En cohérence avec ces priorités sectorielles, le projet Aicha expérimente un dispositif consistant à introduire un îlot concessif au sein du contrat d'affermage. Concrètement, la commune/maître d'ouvrage confie pour une période de cinq ans la gestion technique et commerciale de son service d'eau potable à un entrepreneur local sélectionné par appel d'offres ; ceci correspond au schéma classique de l'affermage.
L'originalité du montage réside dans le fait de demander au délégataire de financer les équipements électromécaniques (les pompes d'exhaure, le groupe électrogène, etc.).
Ce type de contrat a été élaboré par l'Autorité de régulation mauritanienne avec l'appui du Gret et de Tenmyia. Son intérêt est de responsabiliser le délégataire sur un équipement fragile dont le mauvais entretien provoque des arrêts prématurés du service, sans pour autant exiger un important apport en capital que seules quelques grosses entreprises seraient capables d'assumer.
Dans les centres où « l'affermage avec îlot concessif » a été expérimenté, le service est délivré en continu dans de bonnes conditions. Après une phase de démarrage qui a nécessité un effort important de communication et de pédagogie, le principe de la délégation a été accepté par les ménages, qui se déclarent globalement satisfaits du niveau et de la qualité du service fourni. En témoignent, les volumes d'eau consommés et les demandes de branchements domestiques qui augmentent constamment.
En ce qui concerne le suivi des services, l'Autorité de régulation joue un rôle clé. Elle intervient en appui aux communes dans la détermination des tarifs et dans l'analyse de la performance des services délégués. Pour faciliter cette seconde tâche, l'Autorité de régulation s'est dotée d'un observatoire des délégations comprenant deux outils : un logiciel d'aide aux délégataires pour assurer la gestion commerciale, technique et financière des services, et un logiciel de suivi pour centraliser les informations relatives aux délégations.
Conçu comme un outil d'aide à la décision, l'observatoire des délégations s'adresse à la fois à l'autorité de régulation, aux maîtres d'ouvrage et aux délégataires. Il a vocation à faciliter la préparation des rapports annuels de délégation et à renforcer les capacités des maîtres d'ouvrage à piloter leurs services, tout en améliorant l'information des usagers quant au fonctionnement des délégations. A terme, il permettra d'évaluer sur une base objective la qualité technique, économique et sociale des services.

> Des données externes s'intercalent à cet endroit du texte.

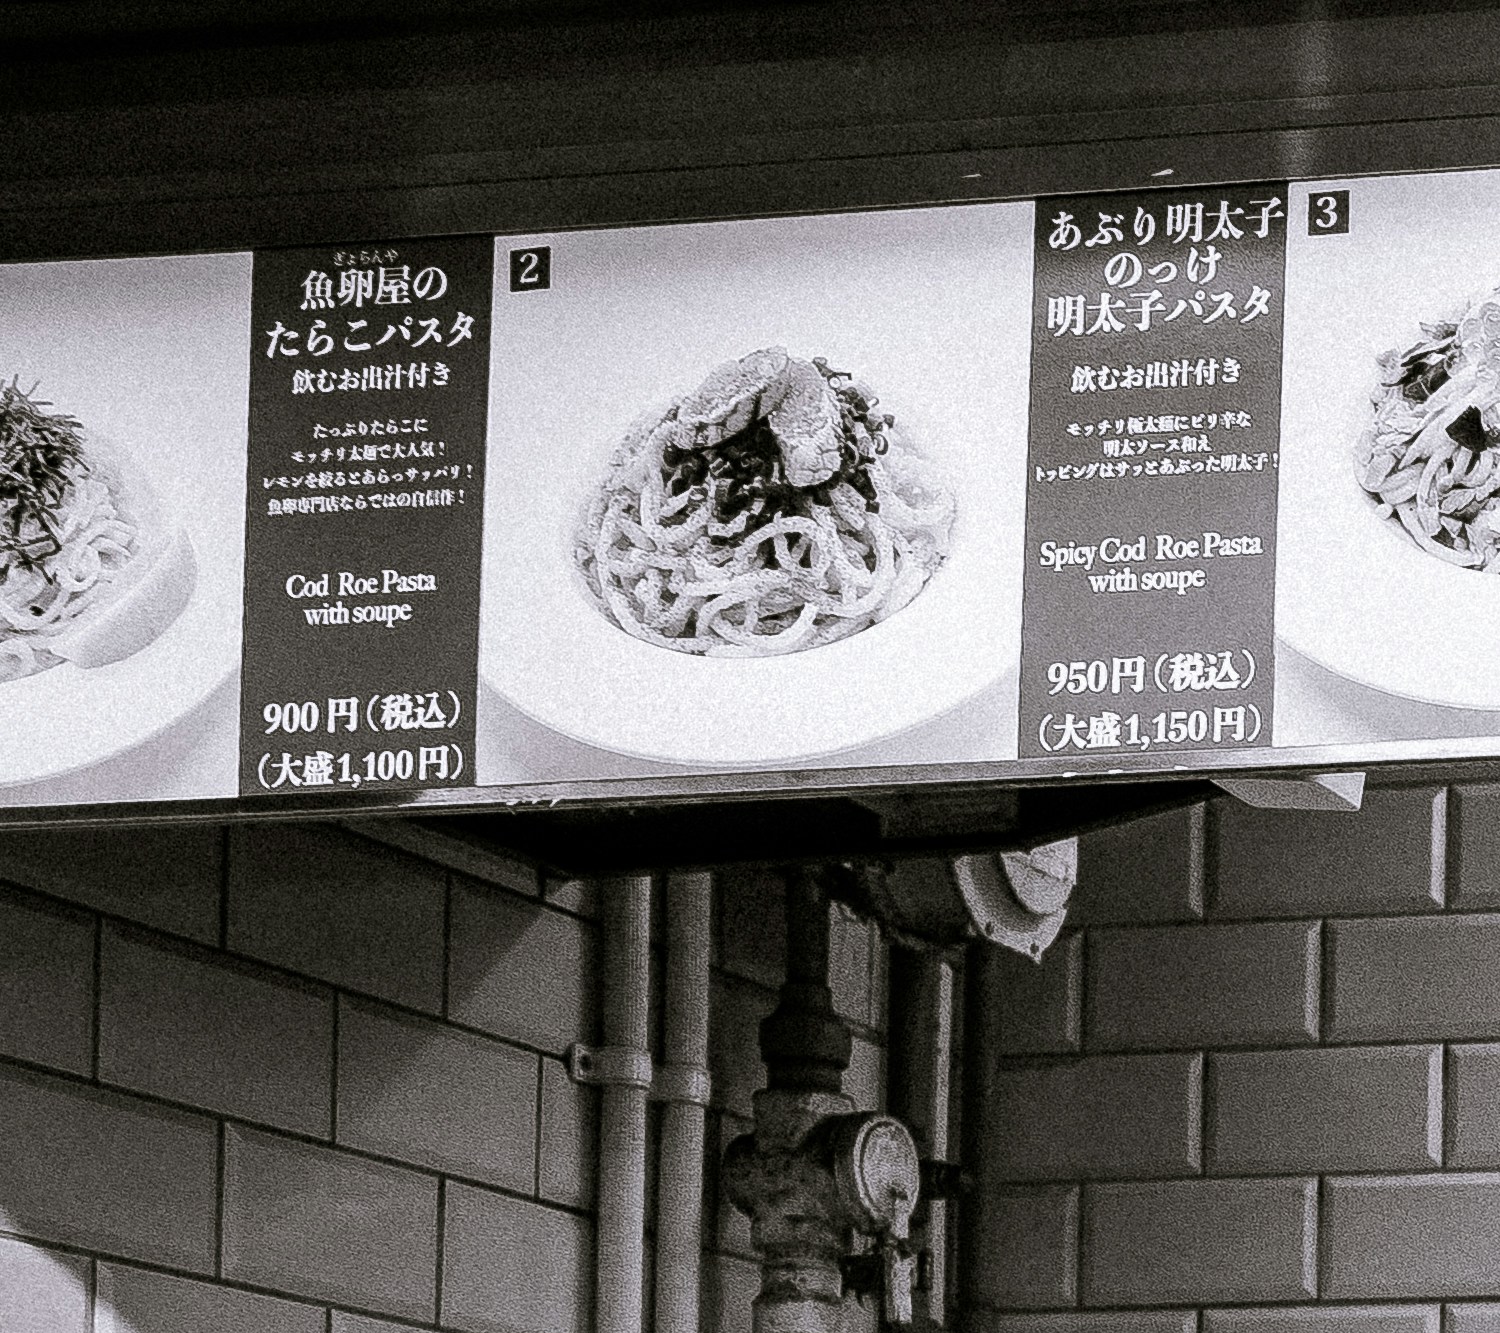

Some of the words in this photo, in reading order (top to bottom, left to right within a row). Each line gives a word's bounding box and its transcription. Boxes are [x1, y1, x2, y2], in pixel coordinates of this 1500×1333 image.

[1048, 197, 1285, 250] あぶり明太子
[1315, 196, 1338, 229] 3
[519, 253, 539, 284] 2
[1104, 245, 1223, 288] のっけ
[300, 265, 448, 310] 魚卵屋の
[1046, 285, 1272, 337] 明太子パスタ
[266, 311, 475, 359] たらこパスタ
[292, 361, 450, 394] 飲むお出汁付き
[1070, 357, 1242, 394] 飲むお出汁付き
[313, 418, 428, 439] たっぷりたらこに
[1102, 434, 1212, 459] 明太ソース和え
[1039, 541, 1098, 572] Spicy
[1100, 535, 1146, 564] Cod
[1155, 534, 1200, 561] Roe
[1202, 532, 1263, 559] Pasta
[285, 574, 330, 600] Cod
[337, 571, 379, 597] Roe
[381, 569, 437, 595] Pasta
[1088, 568, 1139, 593] with
[1140, 568, 1207, 596] soupe
[304, 601, 349, 627] with
[352, 599, 413, 629] soupe
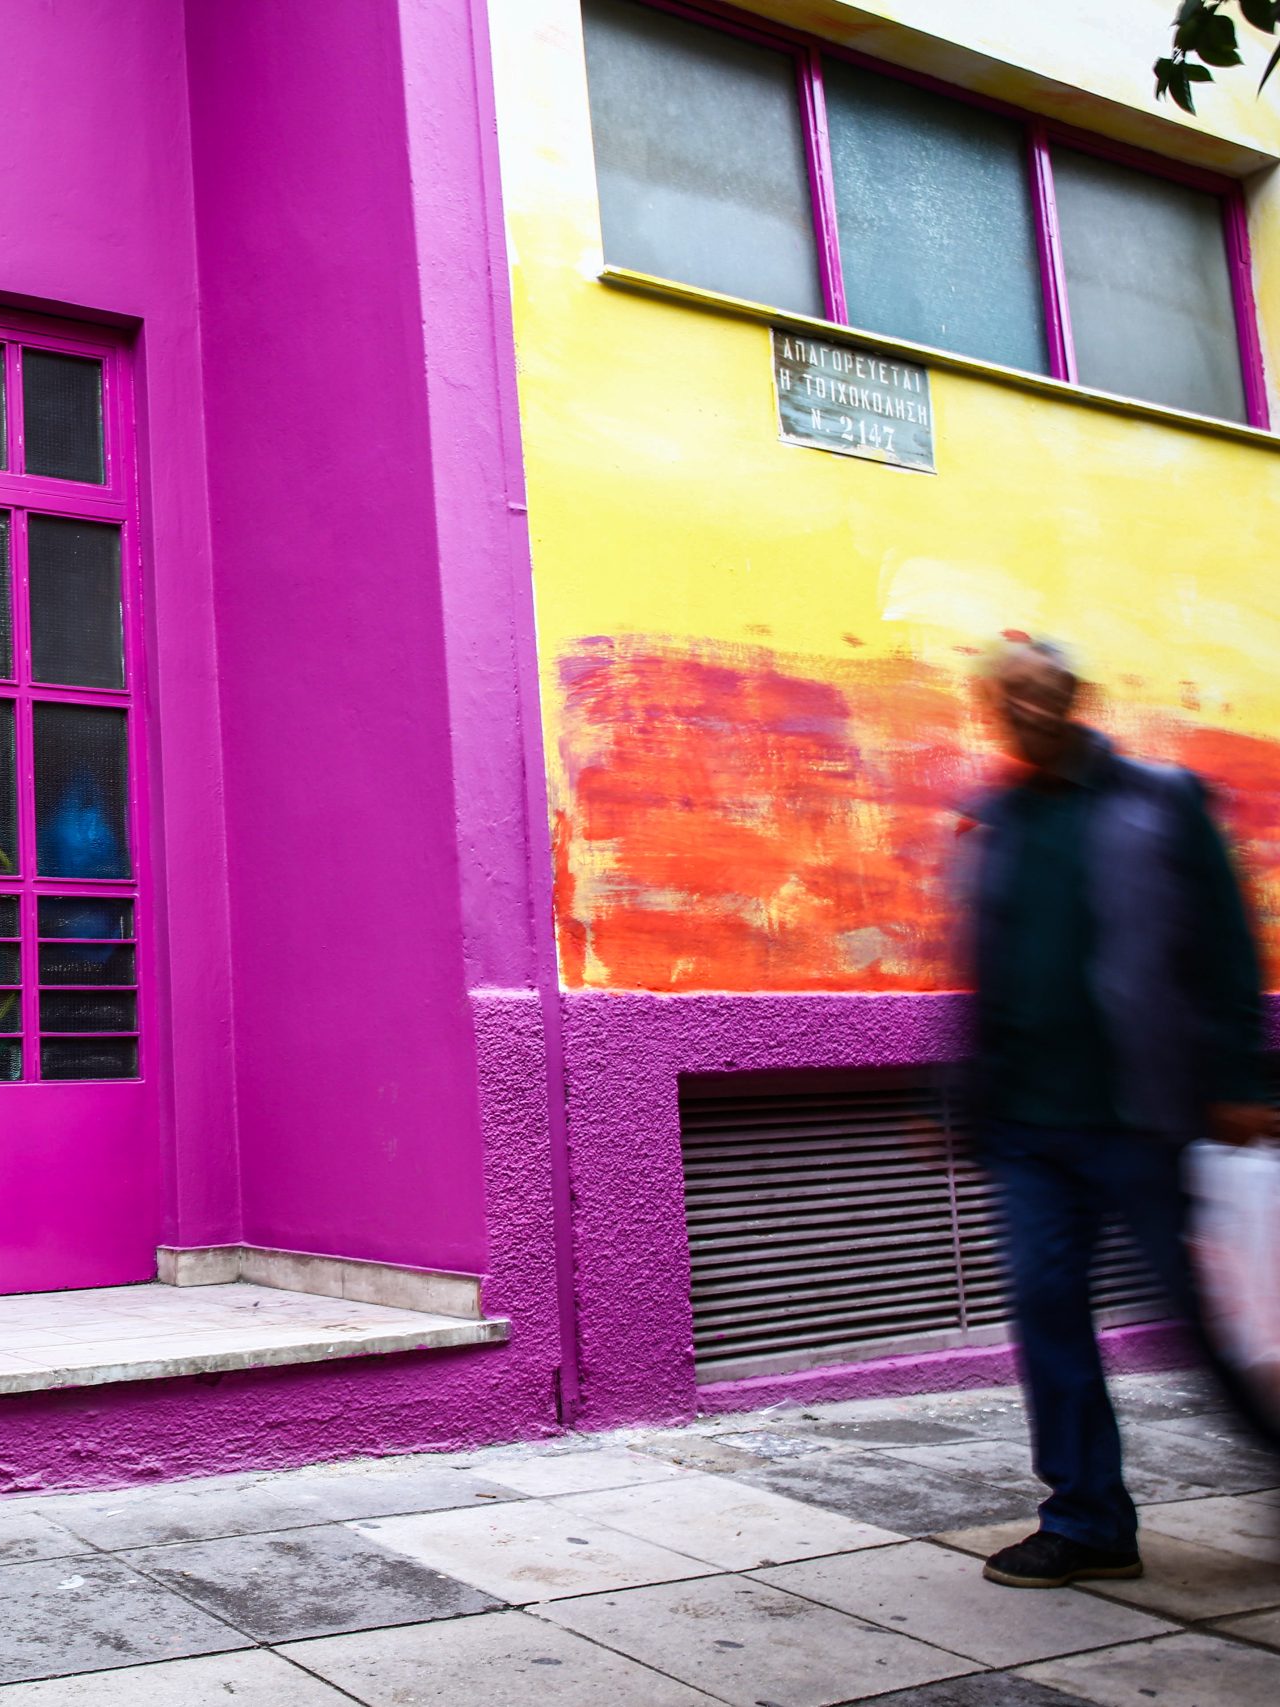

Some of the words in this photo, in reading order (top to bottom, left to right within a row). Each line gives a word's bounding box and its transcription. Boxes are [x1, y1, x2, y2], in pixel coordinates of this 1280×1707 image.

[783, 338, 920, 393] ΑΠΑΓΟΡΕΥΕΤΑΙ
[780, 368, 791, 391] Η
[802, 373, 928, 426] ΤΟΙΧΟΚΟΛΗΣΗ
[811, 408, 831, 433] Ν.
[839, 415, 896, 452] 2147
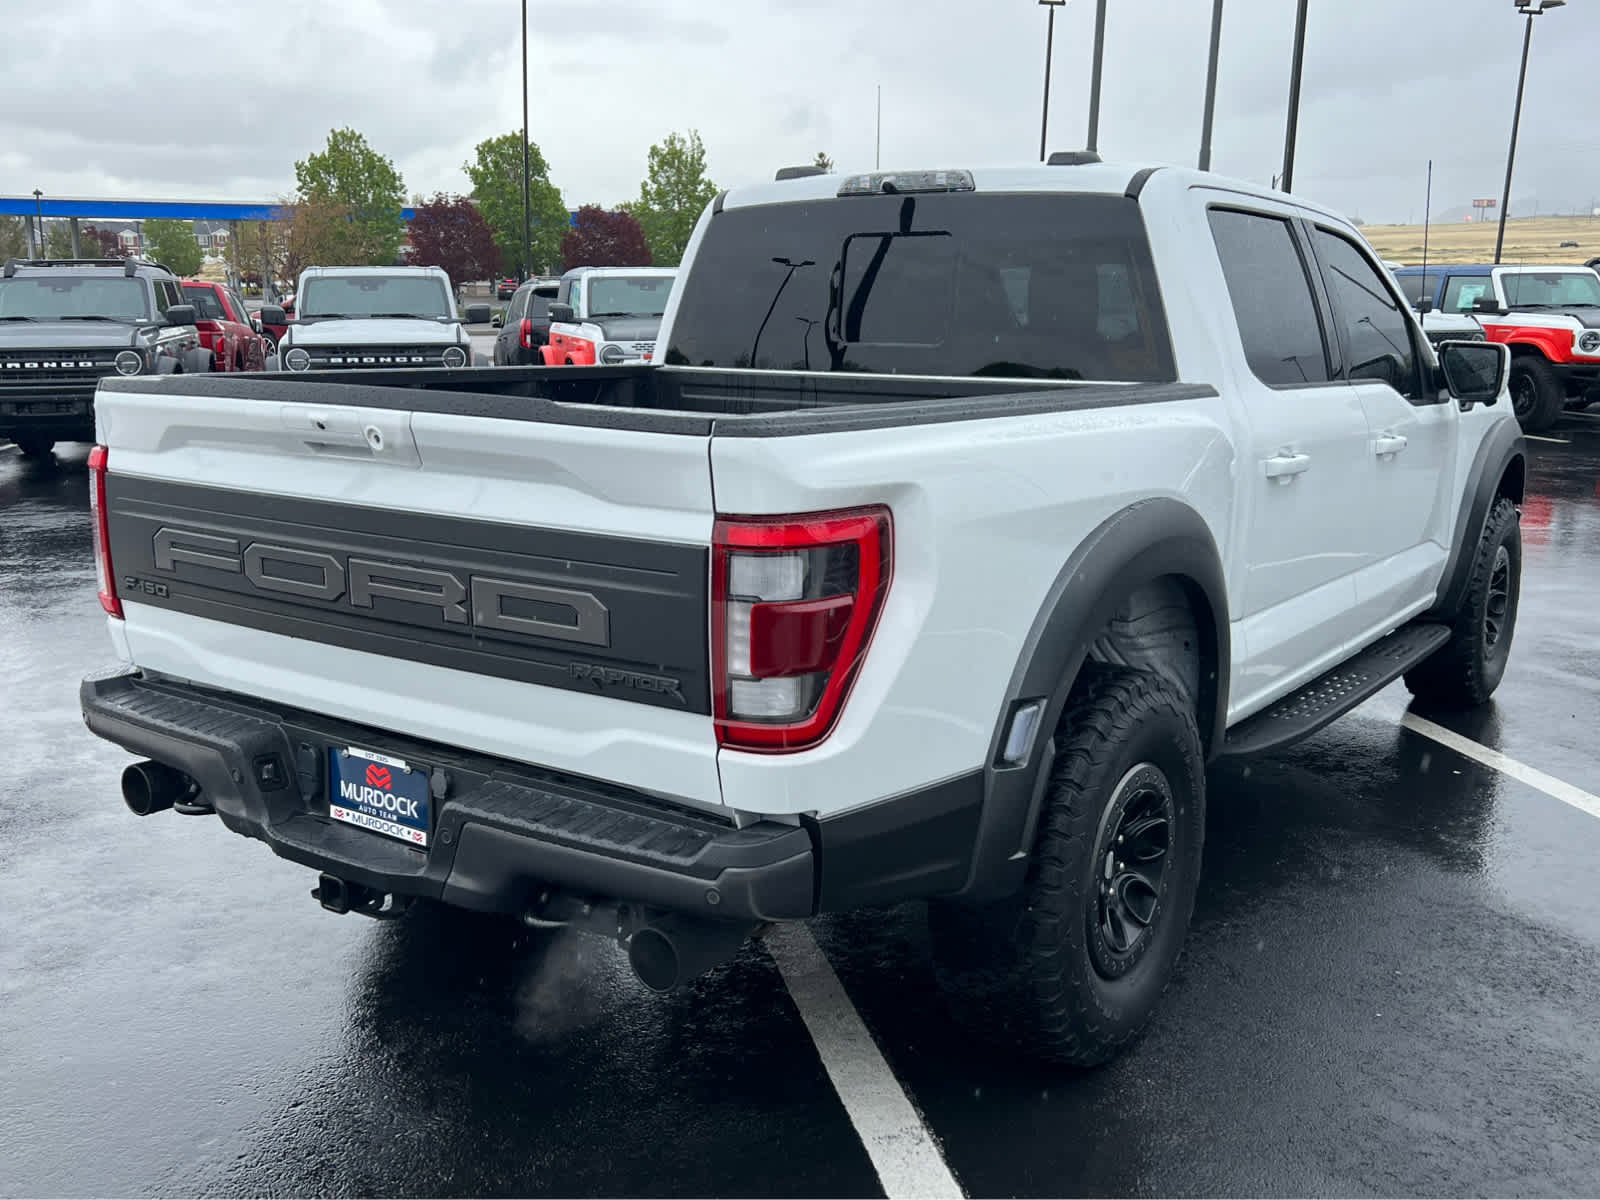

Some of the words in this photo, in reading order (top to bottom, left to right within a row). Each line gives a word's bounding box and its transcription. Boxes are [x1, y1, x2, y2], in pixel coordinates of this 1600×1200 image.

[0, 361, 93, 369] RONCO
[153, 527, 610, 647] FORD
[570, 661, 686, 704] RAPTOR
[340, 780, 418, 819] MURDOCK
[359, 804, 377, 816] AUTO
[379, 810, 398, 821] TEAM
[351, 812, 404, 837] MURDOCK

Poursuivre les efforts engagés
Il est indéniable que le renforcement des capacités des communes constitue un enjeu déterminant pour la durabilité des services. En inscrivant ces acteurs au cœur du processus de planification des investissements, et en leur faisant jouer un rôle majeur dans l'organisation des services, le projet Aicha s'inscrit dans une logique d'affirmation de la légitimité de la maîtrise d'ouvrage communale.
A ce jour, plusieurs réussites méthodologiques sont à mettre à l'actif de ce projet. L'approche concertée d'élaboration des PCHA est plébiscitée par toutes les communes qui en ont bénéficié ; elle est considérée par le ministère comme une opportunité de consolider ses capacités de planification aux niveaux régional et central. De même, l'innovation contractuelle (l'affermage avec îlot concessif) est examinée avec beaucoup d'intérêt par la direction de l'Hydraulique qui souhaiterait approfondir les conditions d'application de ce modèle, dans la perspective de son élargissement.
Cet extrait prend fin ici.